Exercise aim:
Reproduce the listing below in full and without alteration, apart from its pictures.

-- Opening Marker --

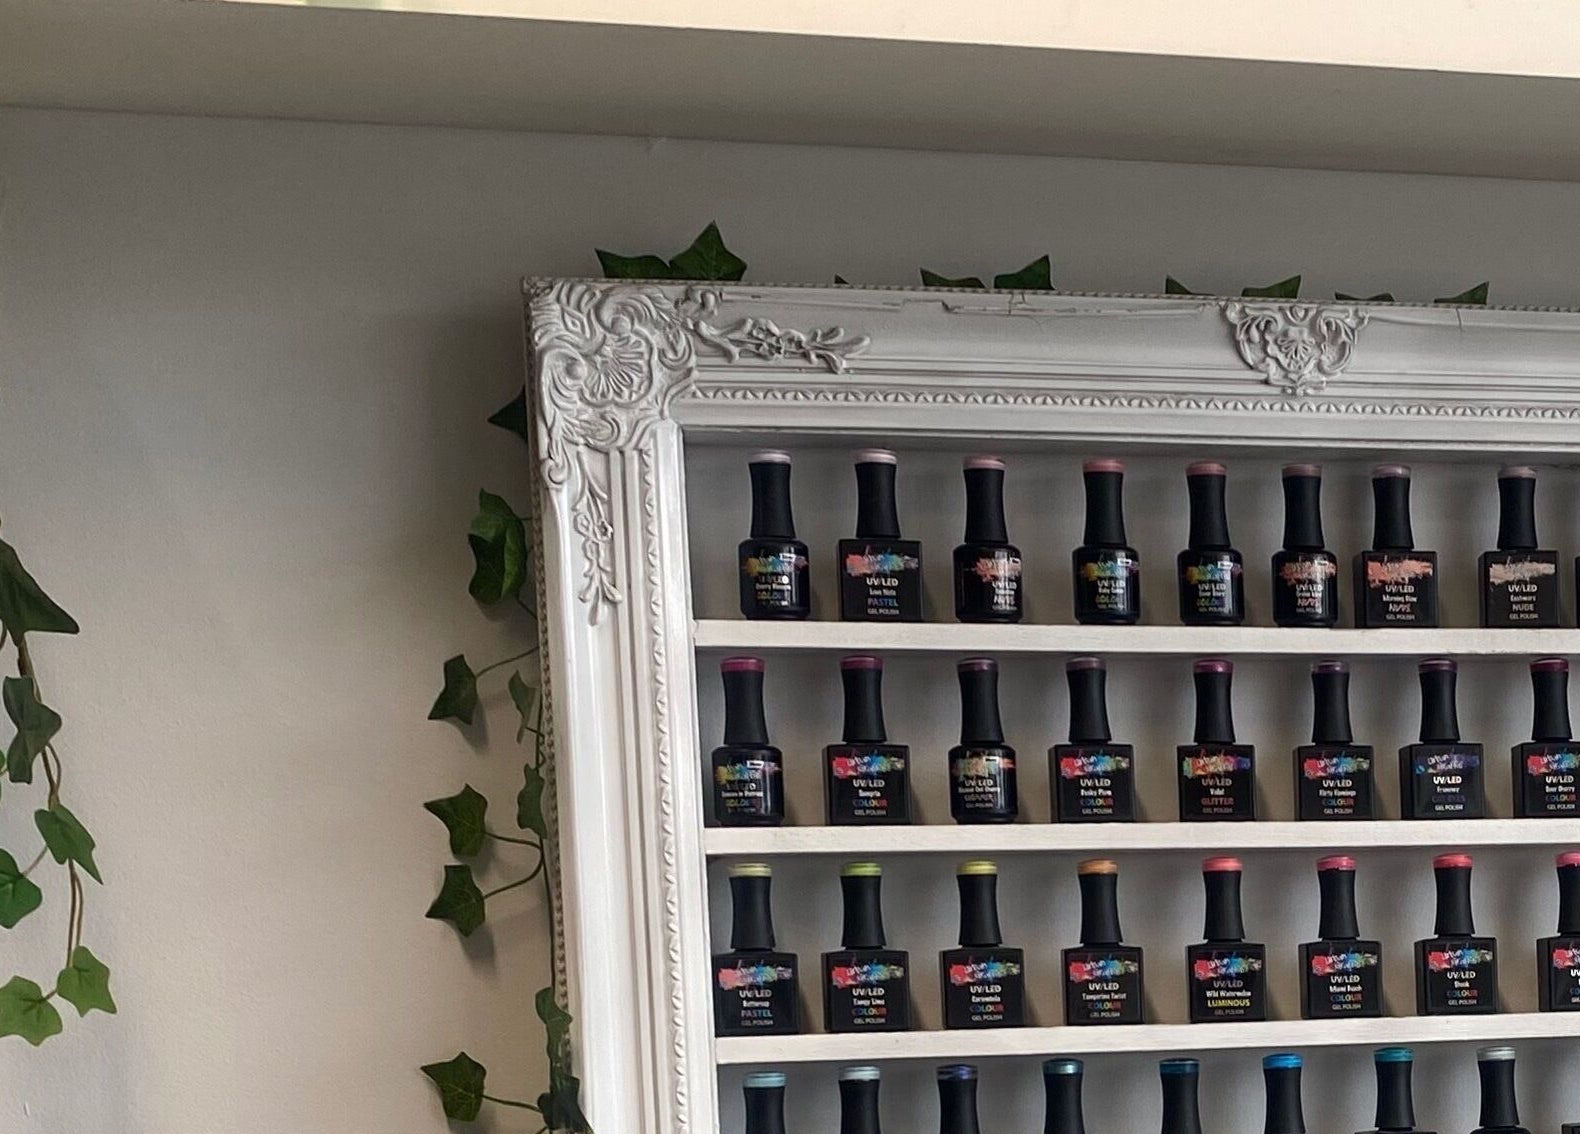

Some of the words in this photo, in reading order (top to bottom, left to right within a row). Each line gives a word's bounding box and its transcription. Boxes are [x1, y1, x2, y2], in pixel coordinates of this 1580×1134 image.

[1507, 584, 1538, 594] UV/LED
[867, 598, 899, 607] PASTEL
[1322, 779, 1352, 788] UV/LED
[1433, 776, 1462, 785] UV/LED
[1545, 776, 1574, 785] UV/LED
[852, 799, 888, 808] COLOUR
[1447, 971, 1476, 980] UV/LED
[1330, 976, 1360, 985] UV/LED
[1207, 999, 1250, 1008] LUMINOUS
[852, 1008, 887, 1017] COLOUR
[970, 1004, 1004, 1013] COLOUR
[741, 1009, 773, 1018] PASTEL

-- Closing Marker --

Reply:
Some of the words in this photo, in reading order (top to bottom, left to right within a row). Each line gives a word's bounding box and its transcription. Boxes are [x1, y1, x2, y2], in pixel coordinates of this 1580×1134 image.

[1507, 584, 1538, 594] UV/LED
[867, 598, 899, 607] PASTEL
[1322, 779, 1352, 788] UV/LED
[1433, 776, 1462, 785] UV/LED
[1545, 776, 1574, 785] UV/LED
[852, 799, 888, 808] COLOUR
[1447, 971, 1476, 980] UV/LED
[1330, 976, 1360, 985] UV/LED
[1207, 999, 1250, 1008] LUMINOUS
[852, 1008, 887, 1017] COLOUR
[970, 1004, 1004, 1013] COLOUR
[741, 1009, 773, 1018] PASTEL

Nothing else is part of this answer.